Food resellers conducting business with multiple consumer packaged goods, produce and meat companies need to integrate auditing into their strategic sourcing.
Between government health regulations and the need to deliver quality goods to the market, supermarkets, restaurants and other food distributors could face serious disruptions if suppliers aren't properly screened. In some instances, it may be necessary to outsource procurement services for the express purpose of reviewing a source's facilities and practices in an unbiased manner.
The warning signs
Otherwise, enterprises connected to organizations that fail to meet government-sanctioned standards may encounter shortages of popular consumer foods. According to RIA Novosti, the U.S. Food and Drug Administration recently issued a number of warning letters to food companies, citing several violations:
- Coporacion Avicola Morovis, a Puerto Rican egg producer, was cited for failing to abide by the Salmonella Prevention strategy. The FDA discovered wild fowl nesting in chicken houses and cattle standing in manure pits.
- Franzese SPA, an Italian canned-food company, received a warning pertaining to thermally processed low-acid edibles.
- SSE Manufacturing, an organization based in Texas, was reprimanded for selling shrimp containing sulfating agents, which can harm certain individuals.

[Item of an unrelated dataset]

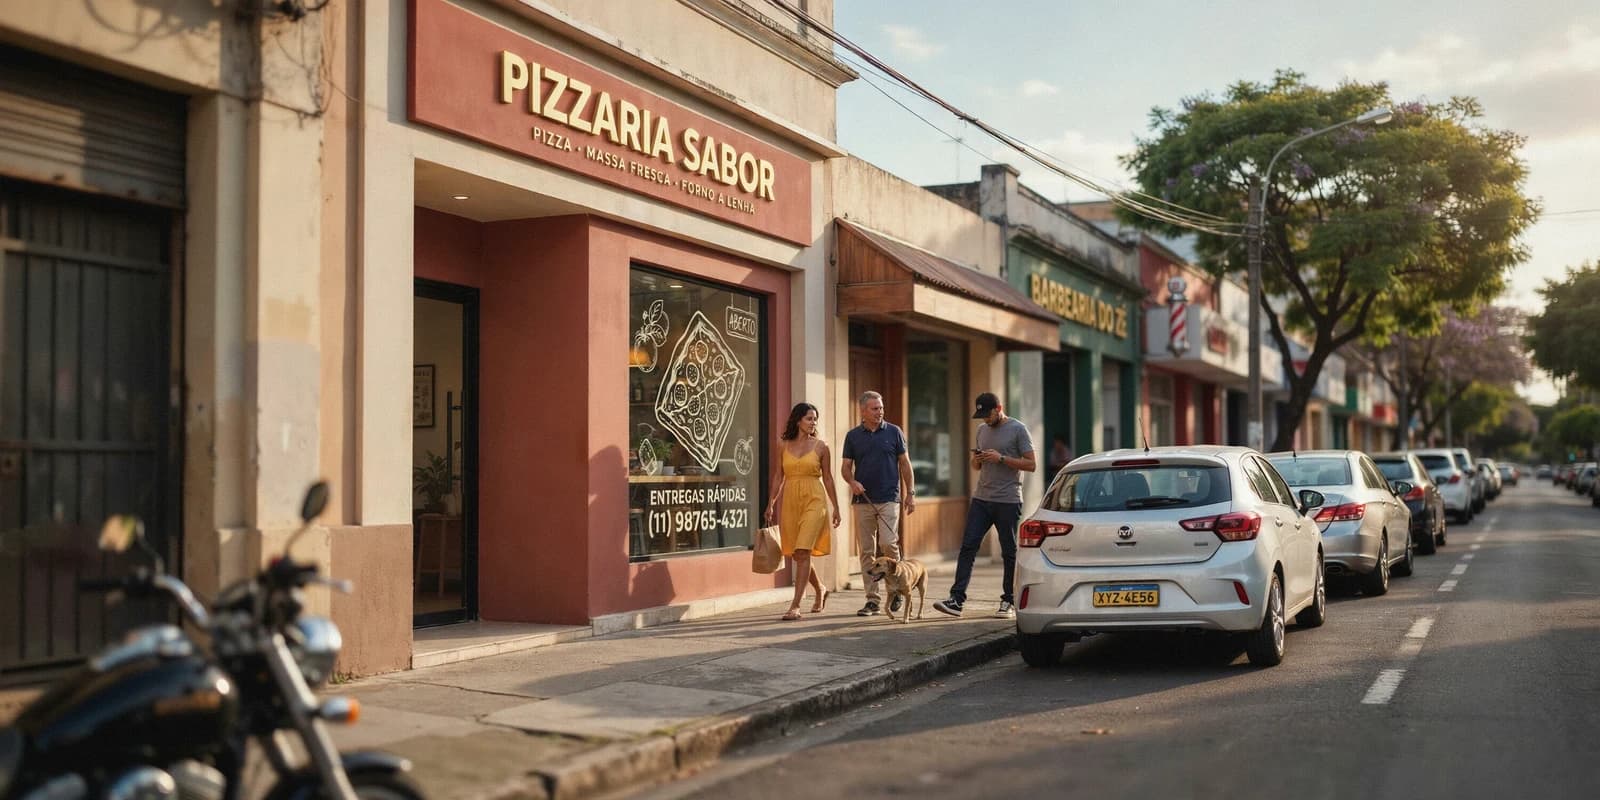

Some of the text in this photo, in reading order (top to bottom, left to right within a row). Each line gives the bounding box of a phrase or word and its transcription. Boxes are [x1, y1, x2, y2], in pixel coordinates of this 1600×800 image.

- Sushi Den Japan failed to satisfy regulations defined by the Hazard Analysis and Critical Control Point regulations.
The aforementioned recipients, as well as other producers, have been given 15 working days to provide a written outline detailing how the cited violations will be assessed and resolved.
Calling out the lies
Unfortunately, some organizations blatantly fabricate claims pertaining to their manufacturing processes. A critical part of global sourcing includes the assessment of corporate culture. If there are any signs that a company may avoid or blatantly violate regulations, an organization should refrain from doing business with it entirely.
Russ Bynum of The Associated Press noted grievous findings related to the Peanut Corporation of America, which is accused of sending fake salmonella test results to customers. Assistant U.S. Attorney Alan Dasher asserted that the business knowingly distributed untested and compromised goods to customers such as Kellogg's.
Former Peanut Corp. of America owner Stewart Parnell, his brother and food broker Michael Parnell and plant quality control manager Mary Wilkerson are each facing charges in U.S. District Court. Although none of them are charged with causing any deaths, the indictment contains 76 isolated counts. The case refers to the 2008-2009 salmonella outbreak, in which an estimated 714 people were infected.
Besides the fact that Peanut Corp. of America is facing a public relations nightmare, entities that conducted business with the corporation may also face certain legal repercussions.